Draghi turns the tap again
Risk sentiment has also been bolstered by the increased belief that the take up at the second European Central Bank 3 year Long-term Refinanciaing Operation (LTRO) liquidity providing operation will be substantial. FT Deutschland suggested earlier in the week that the banks may borrow up to EUR 1 trillion (though an amount similar to the first auction at around half that amount would seem more likely). The unlimited liquidity auctions from the ECB have been widely heralded as having prevented a potentially disastrous credit crunch in financial markets and for having enabled the interbank market to continue to function. Increasing the flow of available funds in the system should at some point be very supportive to the economy – once the uncertainties of the Greece situation have passed.
Manufacturing momentum
The global PMI data yesterday also highlighted the current risk positive mood as the Eurozone surveys showed some improvement and China manufacturing remained in expansion (leading many commentators to accept that a hard economic landing in China is off the table or has at least been delayed for a while longer). While the notable outlier was Switzerland, whose index slipped sharply into contractionary territory for the month, the better than expected outcomes in Australia and the UK and a strong reading in the US were enough to inspire an improved level of confidence.
“There is a lot to like about the January data” US ISM Holcomb
Greece ‘ing palms
A further risk positive lies in the fact that the Greek PSI talks appear to be entering the final stages and whilst I reserve some judgement about the ‘labelling’ of an almost 70 percent haircut on the Greek debt swap as voluntary and not a default, an agreement will still remove an element of uncertainty for financial markets and in that respect can be seen as a positive. The fact that the ‘sweetener’ of improved terms in the event of Greek GDP growth outperformance has been leaked as a likely addition may also make the bitter pill a touch easier to swallow.
So what does this mean?
In reality I feel that this can mean different things for different markets. The combination of a slightly stronger backdrop with central banks in Europe and the US flooding the markets with ever larger amounts of liquidity should be supportive of equities and with a very large amount of investor money on the sidelines awaiting clarity on the Eurozone debt and regulatory issues, there may be a lot of money that will need to participate in the stock market rallies if we continue to push new ground.
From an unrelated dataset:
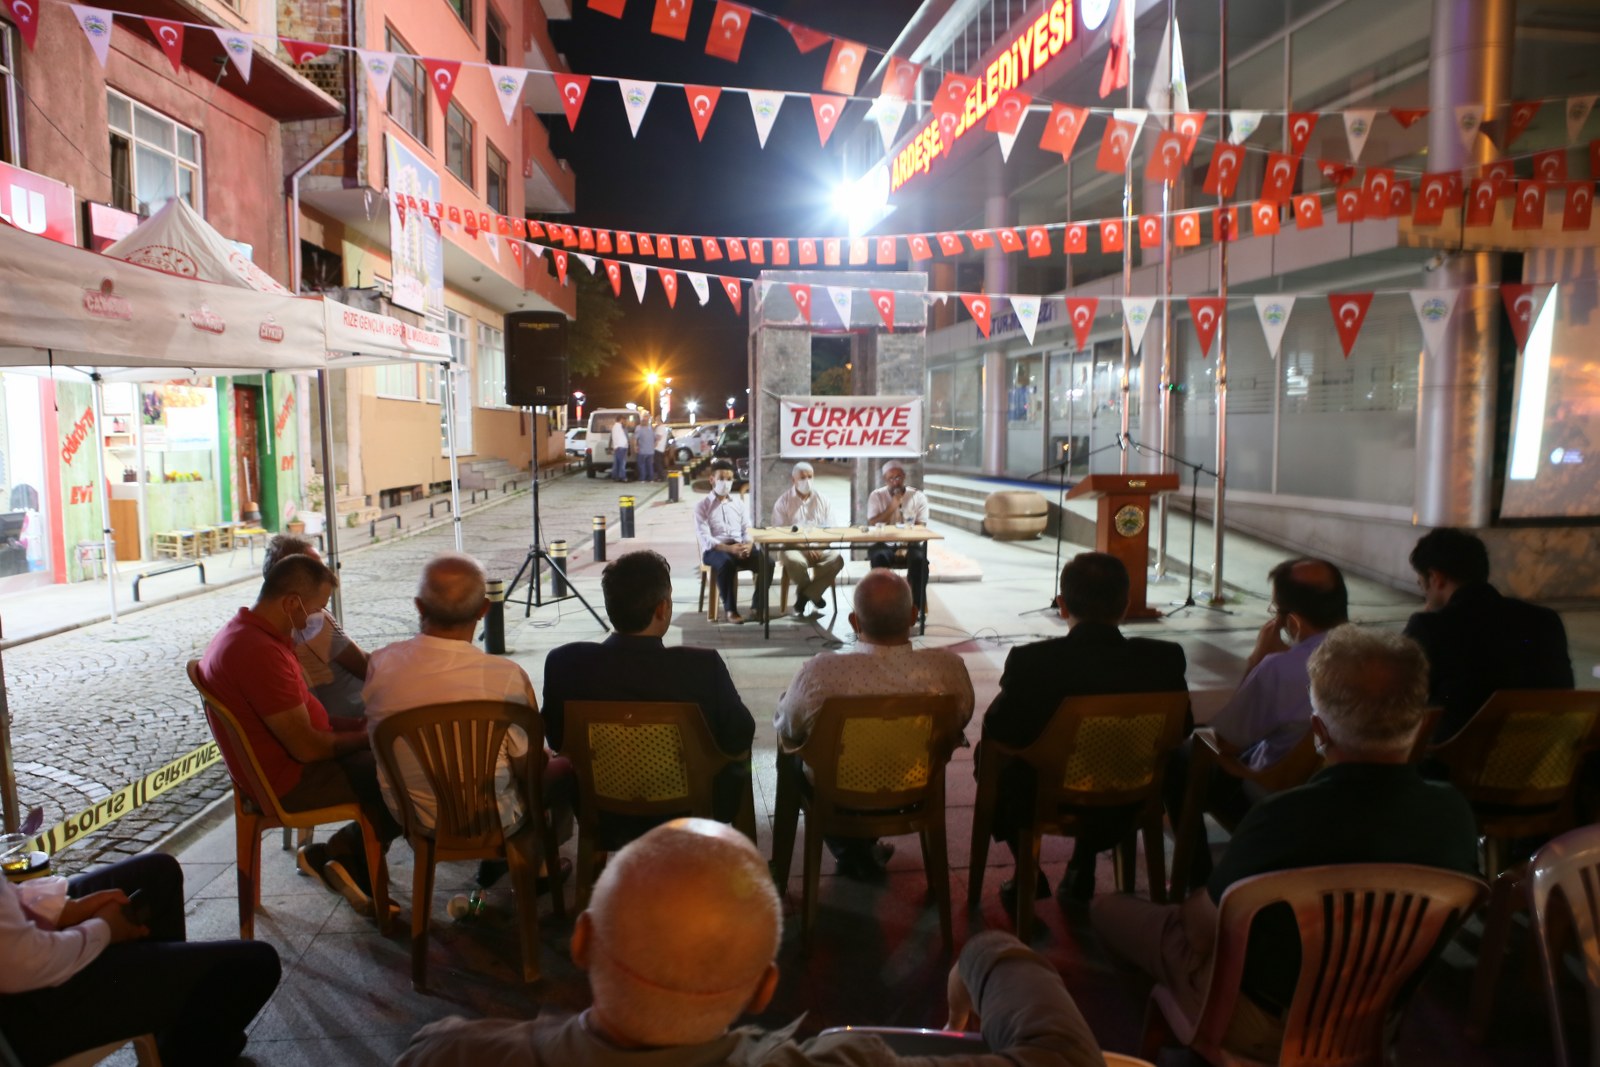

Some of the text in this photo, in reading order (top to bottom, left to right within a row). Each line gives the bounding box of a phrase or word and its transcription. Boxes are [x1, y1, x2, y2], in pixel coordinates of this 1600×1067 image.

In FX the currencies that would traditionally do the worst in a risk-on world (CHF and JPY) have remained stubbornly strong despite the rising threat of intervention from the relevant authorities. EUR for me remains the weak spot, however, as I have oft mooted, the most efficient way to trade a short EUR position in the current environment is not against the USD. My preferred vehicle remains GBP.
After a much better than expected UK PMI survey yesterday and a breakdown of the data which showed gains coming from new orders, employment and output, there is a very good prospect that the UK misses the much vaunted technical recession after a difficult Q4, and as the biggest risks to the UK remain Eurozone related, any positives in Europe should be of considerable benefit to the UK as economic differentiation comes to the fore.